弘法大師・空海やインド人の僧・菩提せんな(ぼだいせんな)などの幾多の名僧が住した官寺。ガン封じの寺としても知られる。 聖徳太子に起源を持つとされる大安寺は、平城遷都とともに現在の地に移転し、遷寺1300年の年を迎える。南都七大寺のひとつで、わが国の高名な学僧と共に奈良時代に海外から来日した僧侶の多くが居住した大安寺は、当時の国際交流の拠点でした。

十輪院

優曇華や石龕きよく立つ佛 秋桜子 十輪院は元興寺旧境内の南東隅に位置します。 奈良時代の僧で書道の大家、朝野宿禰魚養(あさのすくねなかい)の開基といわれています。 本堂(国宝・鎌倉時代)は軒や床が低く、当時の住宅を偲ばせる建造物です。 十輪院の本堂の中には本尊である地蔵菩薩を中心にした石仏龕(せきぶつがん・重文・鎌倉時代)を祀ります。 そこには釈迦如来、弥勒菩薩の諸仏のほか、十王、仁王、四天王や北斗曼荼羅の諸尊などが刻まれ、非常に珍しい構成を見せています。 境内には、魚養塚、十三重石塔、興福寺曼陀羅石など多数の石仏が点在しています。 ◆由緒 十輪院は元興寺旧境内の南東隅に位置し、静かな奈良町の中にあります。 寺伝によりますと、当山は元正天皇(715-724)の勅願寺で、元興寺の一子院といわれています。また、右大臣吉備真備の長男・朝野宿禰魚養(あさのすくねなかい)の開基とも伝えられています。 沿革は明らかではありませんが、鎌倉時代「沙石集」(1283)には本尊石造地蔵菩薩を「霊験あらたなる地蔵」として取り上げられています。 室町時代には寺領三百石、境内1万坪の広さがあったようですが、兵乱等により、多くの寺宝が失われました。 その後江戸期には徳川幕府の庇護を受け、寺領も五拾石を賜り、諸堂の修理がなされまし た。 明治時代の廃仏毀釈でも大きな打撃を受けましたが、現在、当山の初期の様子を伝えるものとして、本尊の石仏籠、本堂、南門、十三重石塔、不動明王二童子立像、それに校倉造りの経蔵(国所有)などが残っています。 近年、昭和28年本堂の解体修理から、平成8年防災施設の完成により、諸堂宇が整備され、境内は寺観を整えることができました。 ◆本堂(国宝) 間口11.20m奥行8.47m高さ5.68m寄棟造瓦葺 後方の石仏龕を拝むための礼堂として建立されました。
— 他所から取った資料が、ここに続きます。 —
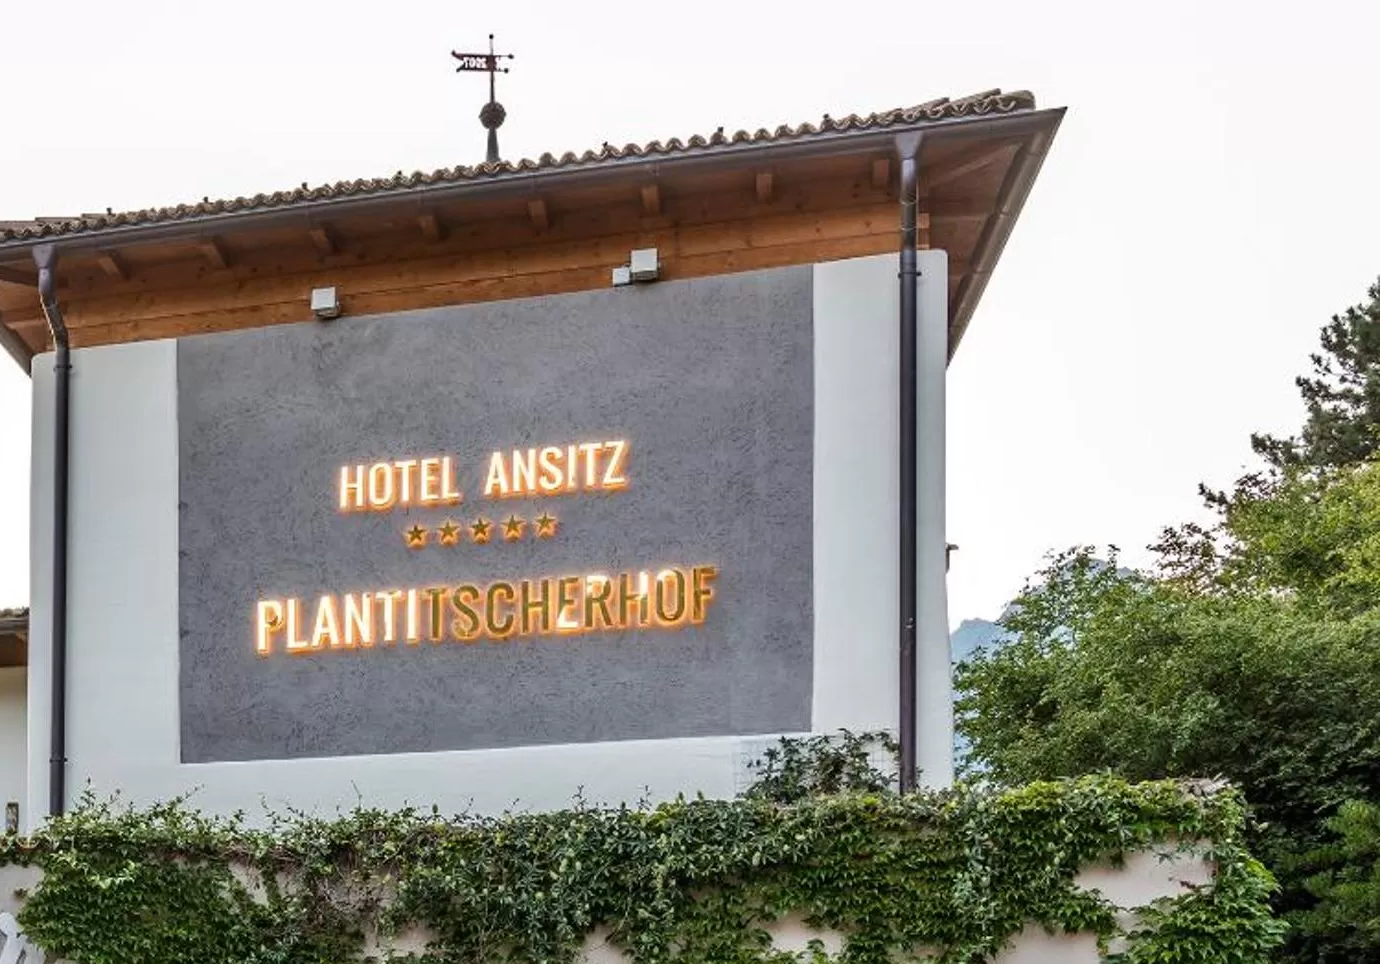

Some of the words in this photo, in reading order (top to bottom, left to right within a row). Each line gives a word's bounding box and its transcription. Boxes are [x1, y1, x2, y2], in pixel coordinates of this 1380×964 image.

正面に一間通りの広縁を設け、垂木を用いず、厚板と特異な組物で軒を支えています。こじんまりした内部は一本の柱を外陣・内陣に使い分け、低い天井は簡素な棹縁天井となっています。蔀戸が用いられ、軒及び床を低くおさえ、屋根の反りを少なくするなど、当時の住宅をしのばせる要素が随所にみられます。蛙股や木鼻、正面の柱などは創建当時のものです。 ◆石仏龕(がん)(重要文化財) 間口2.68m奥行2.45m高さ2.42m花崗岩製 寺伝では、弘仁年間(810~823)に弘法大師が石造地蔵菩薩を造立された、とあります。龕中央の奥に本尊地蔵菩薩、その左右に釈迦如来、弥勒菩薩を浮き彫りで表わしています。そのほか、仁王、聖観音、不動明王、十王、四天王、五輪塔、あるいは観音・勢至菩薩の種子などが地蔵菩薩のまわりに巡らされ、極楽往生を願う地蔵世界を具現しています。龕前には死者の身骨や棺を安置するための引導石が置かれます。 また龕の上部、左右には北斗七星、九曜、十二宮、二十八宿の星座を梵字で陰刻し、天災消除、息災延命を願う現世利益の信仰も窺い知ることができます。引導石の左右には南都仏教に伝統的な「金光明最勝王経」「妙法蓮華経」の経幢が立てられています。この石仏龕は当時の南都仏教の教義を基盤に民間信仰の影響を受けて製作されたもので、非常にめずらしい構成を示しています。大陸的な印象を受ける技法で彫刻されていることも注目されます。